Task to complete =>
In the records below, locate the line containing "this 2212×1659 image.", then output that line and all later lines exactly, through the last one.

Supplied data =>
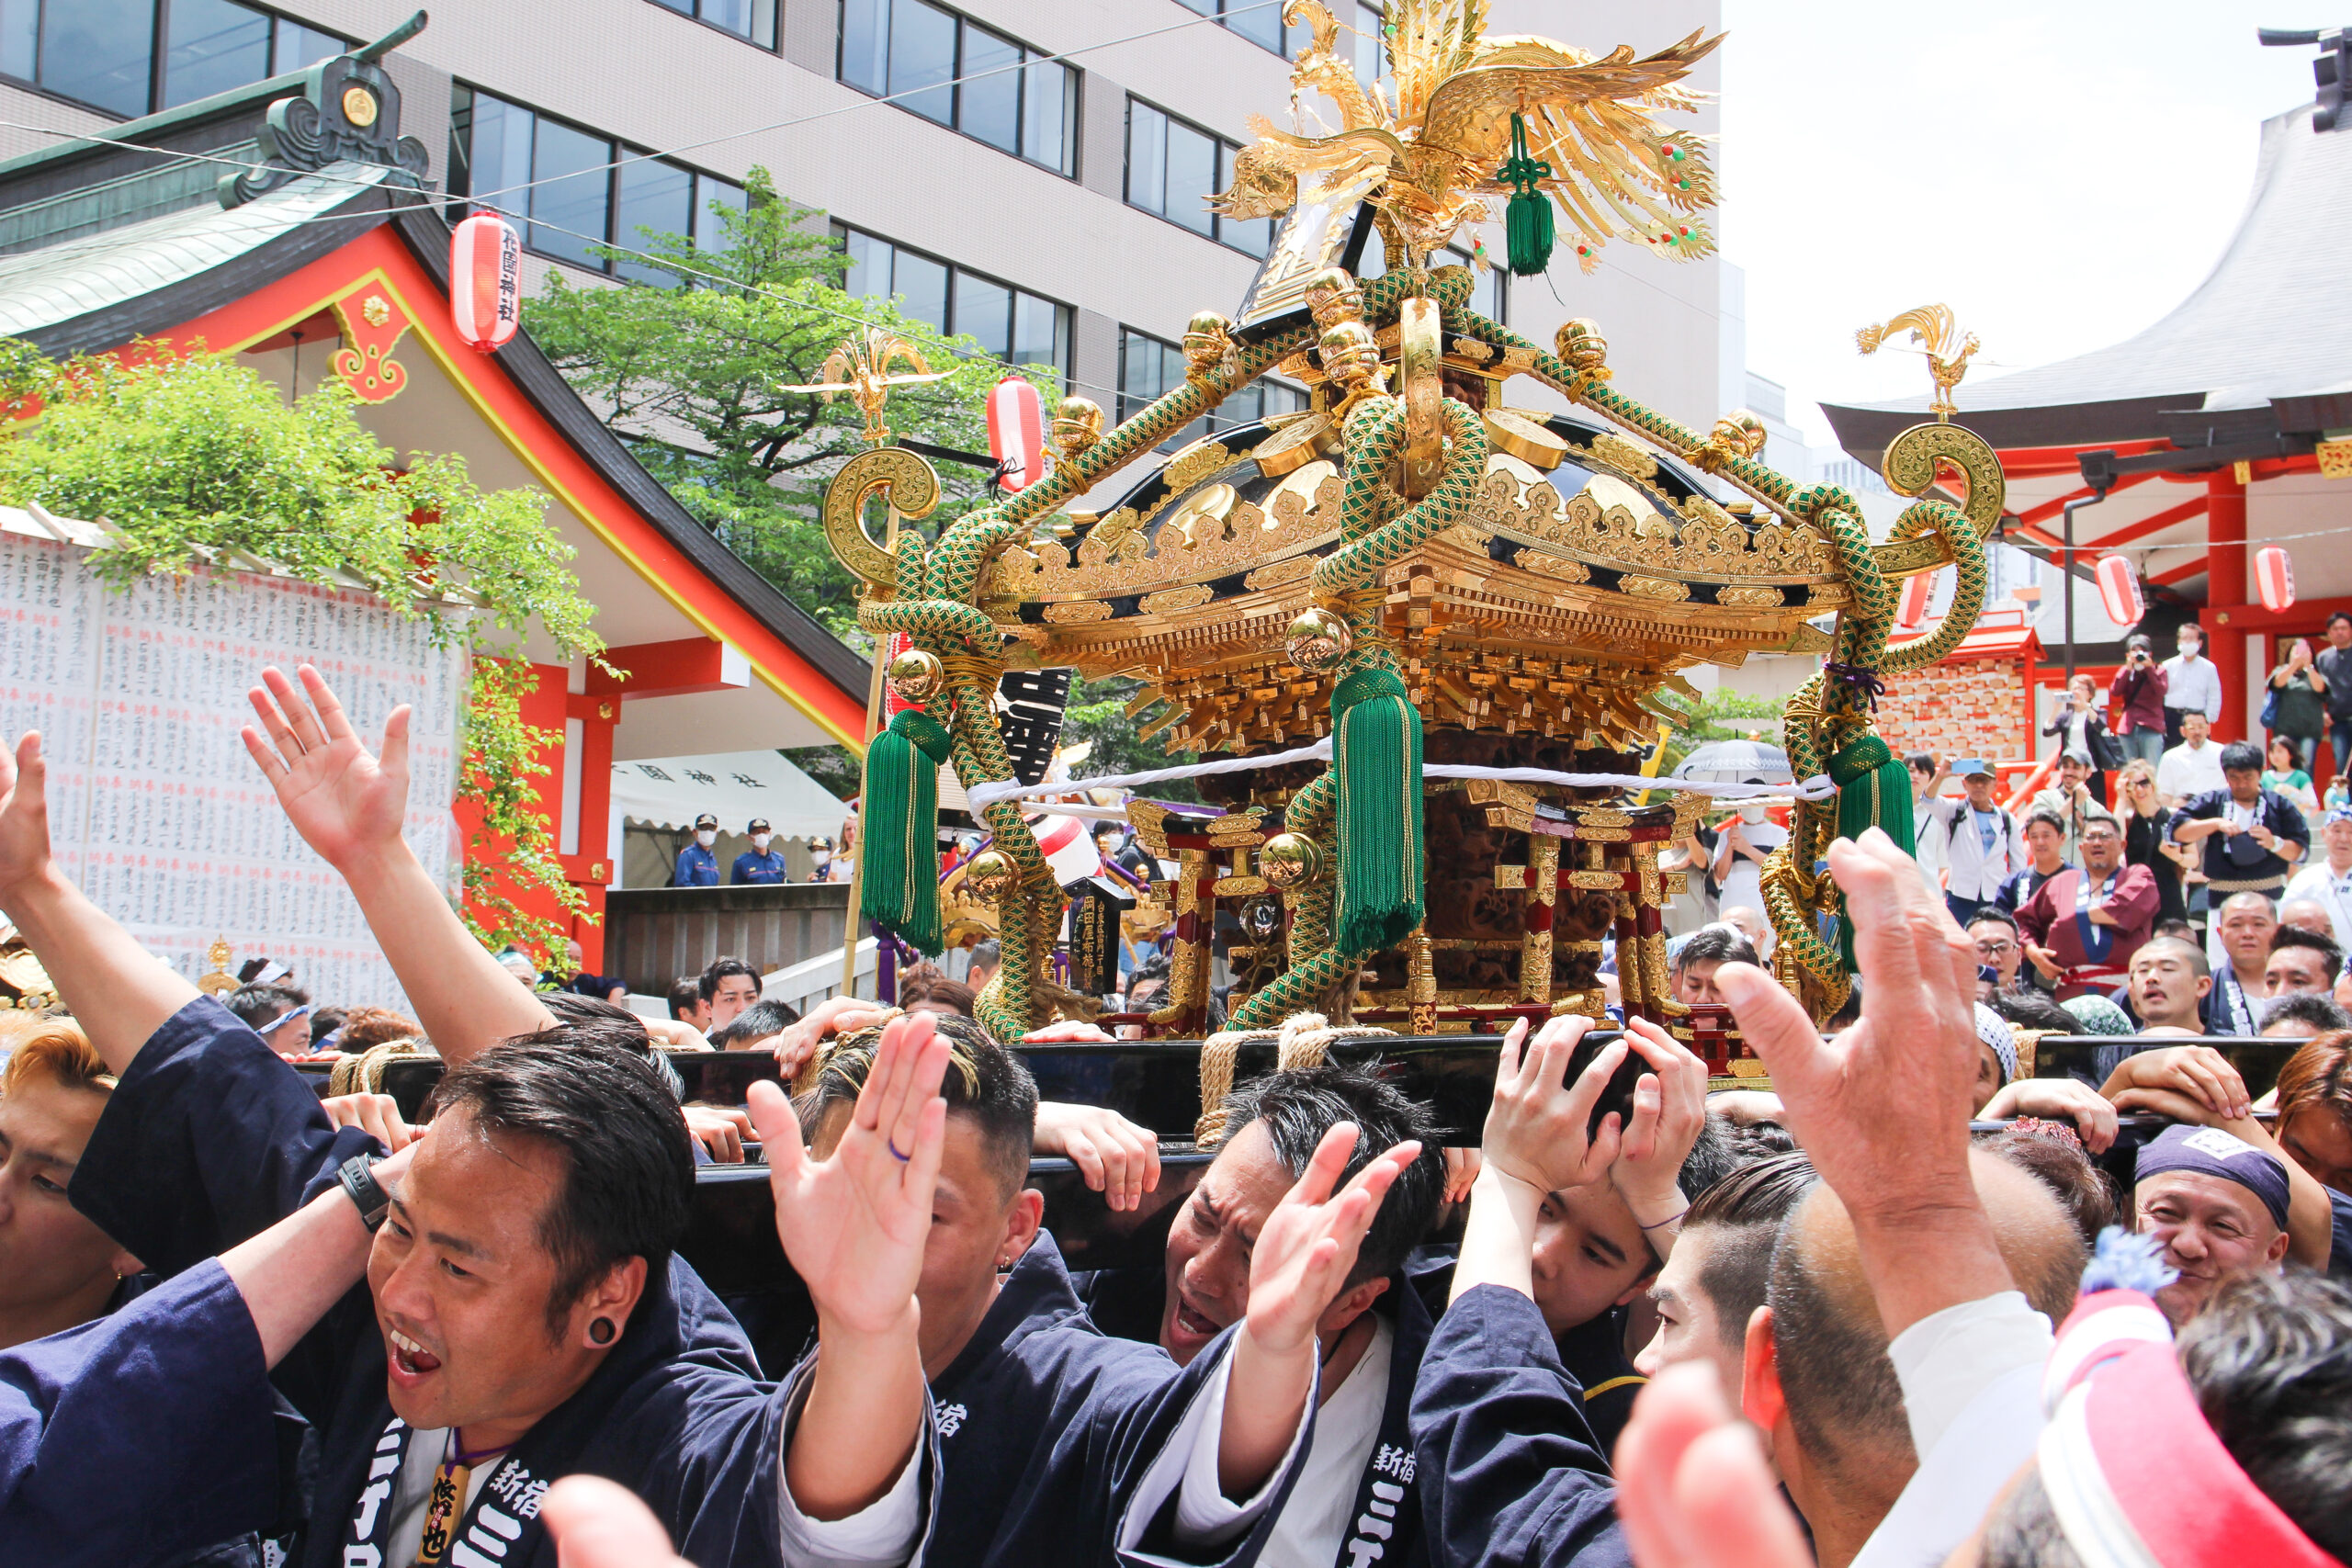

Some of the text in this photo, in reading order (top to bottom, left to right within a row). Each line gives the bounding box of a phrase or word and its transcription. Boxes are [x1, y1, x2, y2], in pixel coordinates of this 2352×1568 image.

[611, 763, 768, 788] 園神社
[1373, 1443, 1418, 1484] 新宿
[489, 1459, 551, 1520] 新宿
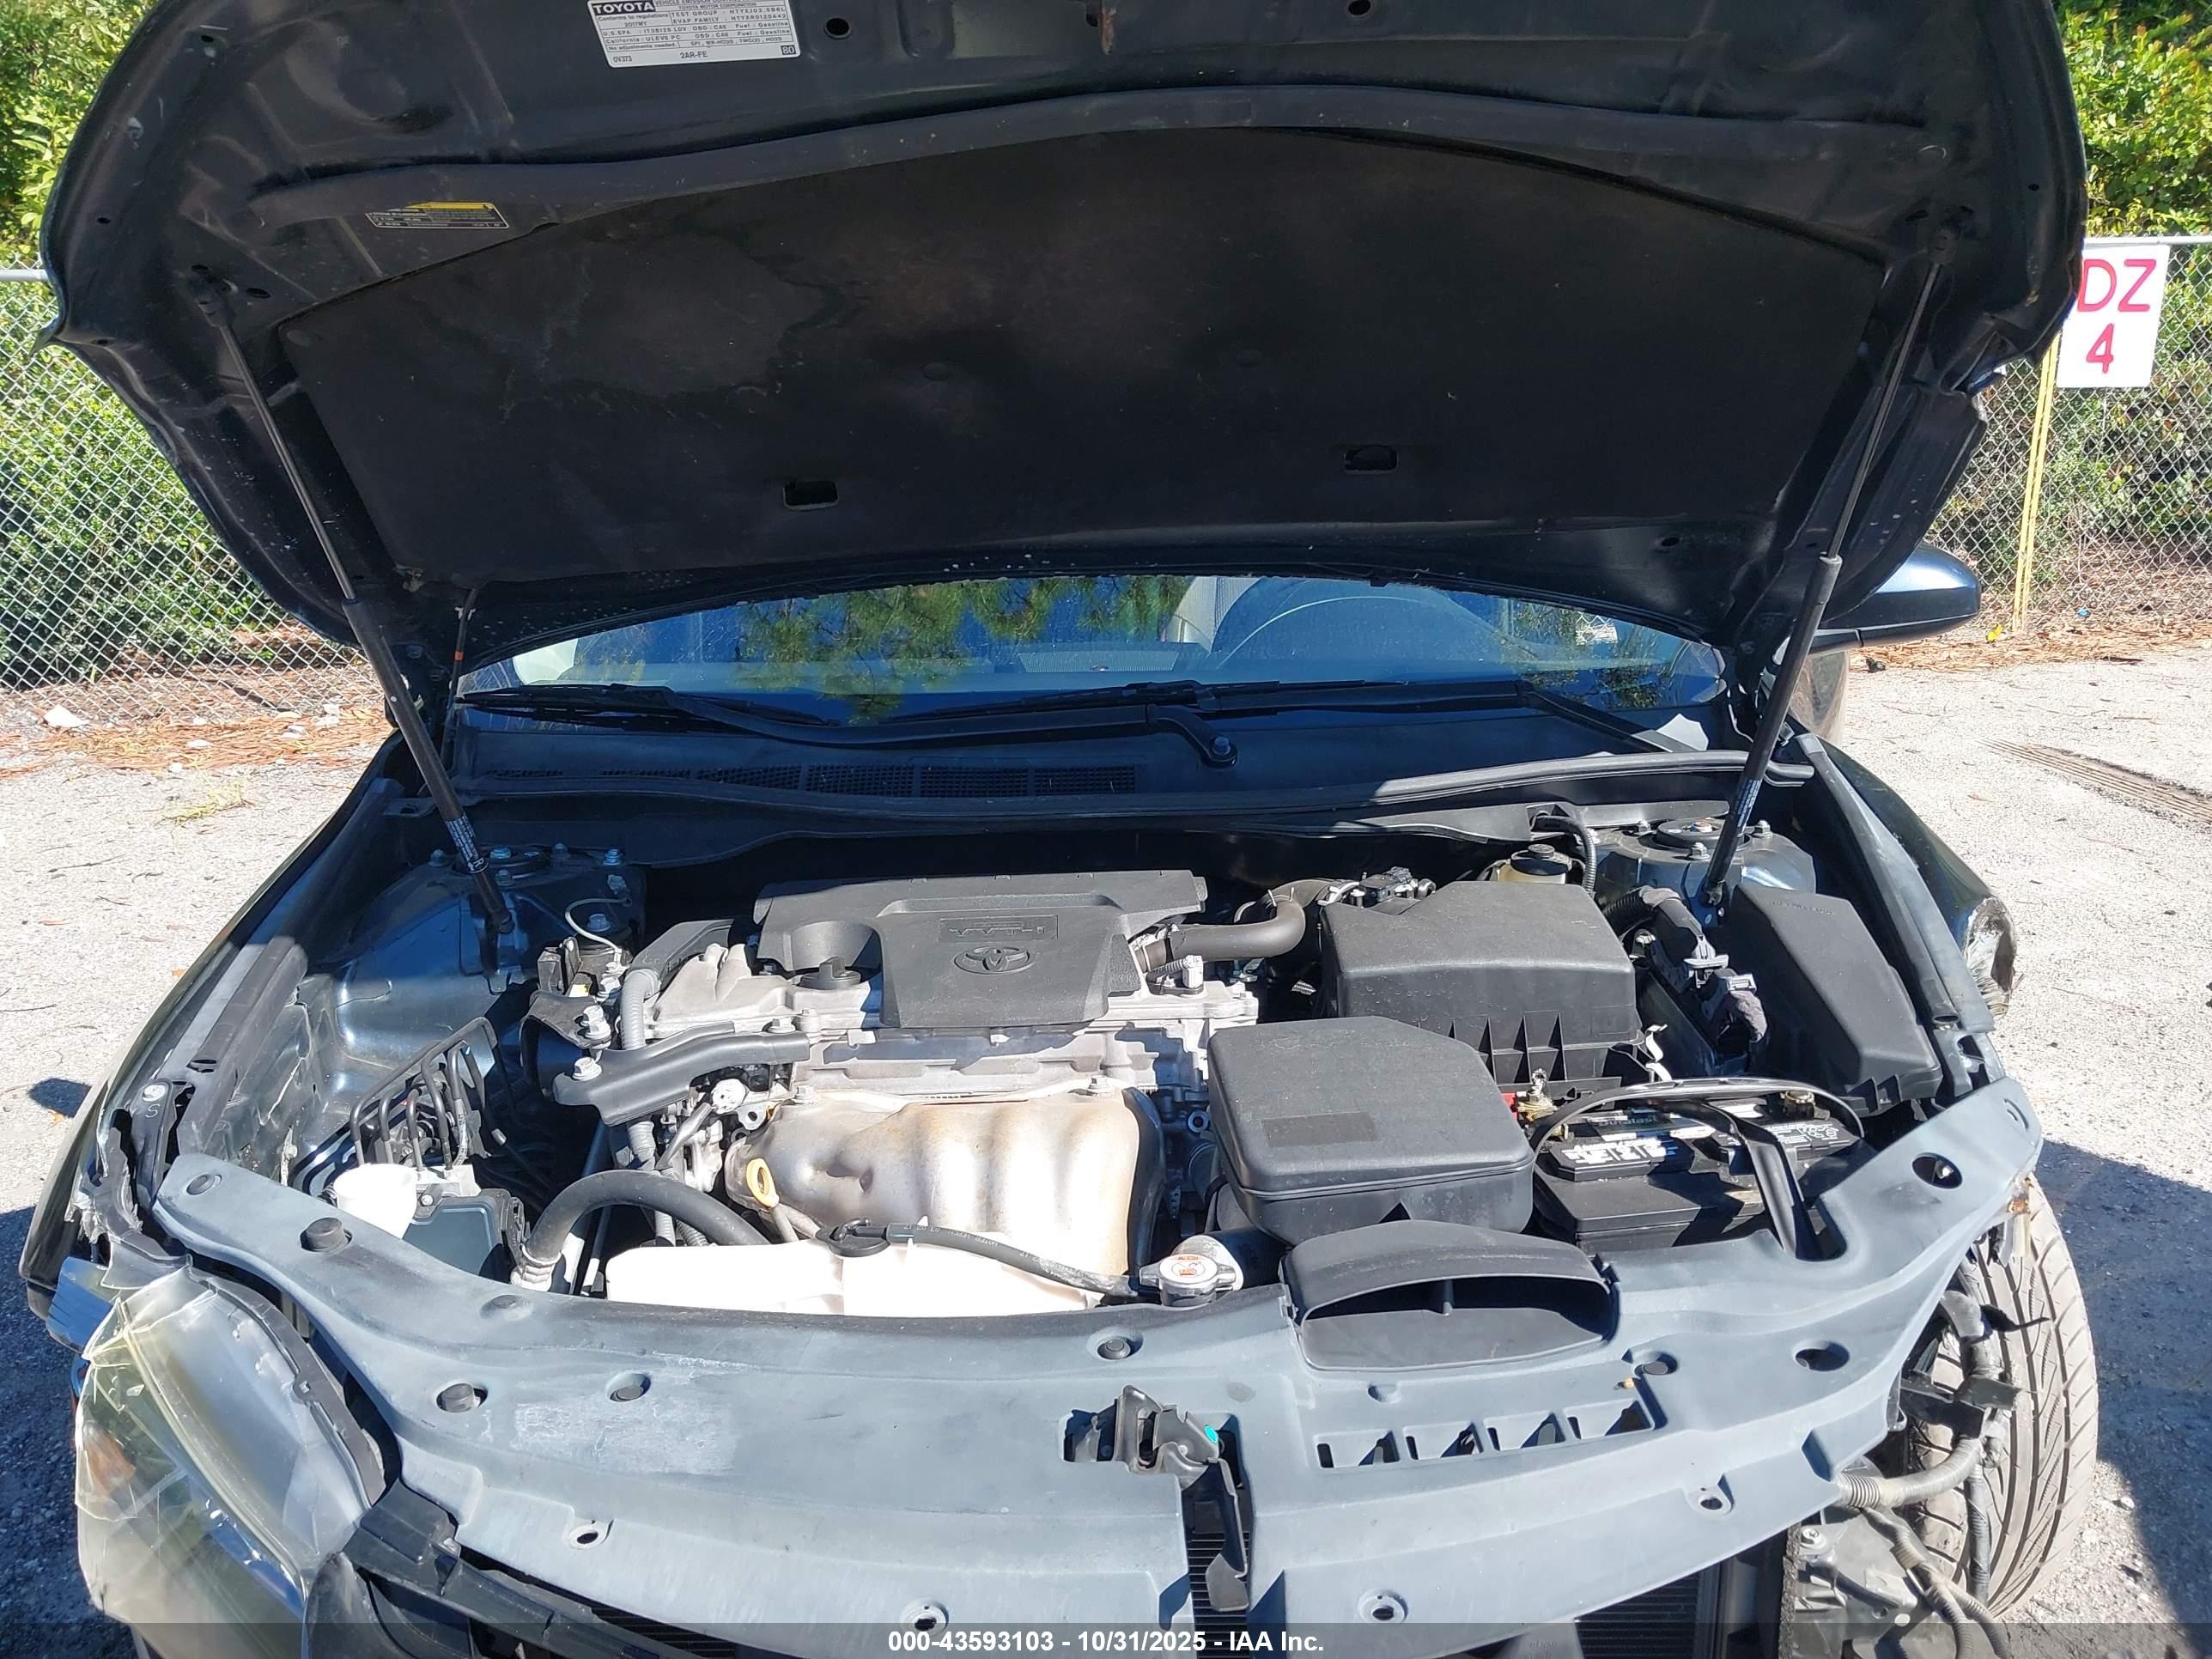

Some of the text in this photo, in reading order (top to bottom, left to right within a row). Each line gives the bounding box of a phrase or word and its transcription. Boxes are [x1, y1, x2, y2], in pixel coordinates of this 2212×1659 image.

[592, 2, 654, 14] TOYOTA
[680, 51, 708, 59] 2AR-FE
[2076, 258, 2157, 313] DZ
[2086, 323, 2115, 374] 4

Your response =>
Some of the text in this photo, in reading order (top to bottom, left to right within a row). Each line gives the bounding box of a phrase or word and its transcription. Boxes are [x1, y1, x2, y2], in pixel coordinates of this 2212×1659 image.

[592, 2, 654, 14] TOYOTA
[680, 51, 708, 59] 2AR-FE
[2076, 258, 2157, 313] DZ
[2086, 323, 2115, 374] 4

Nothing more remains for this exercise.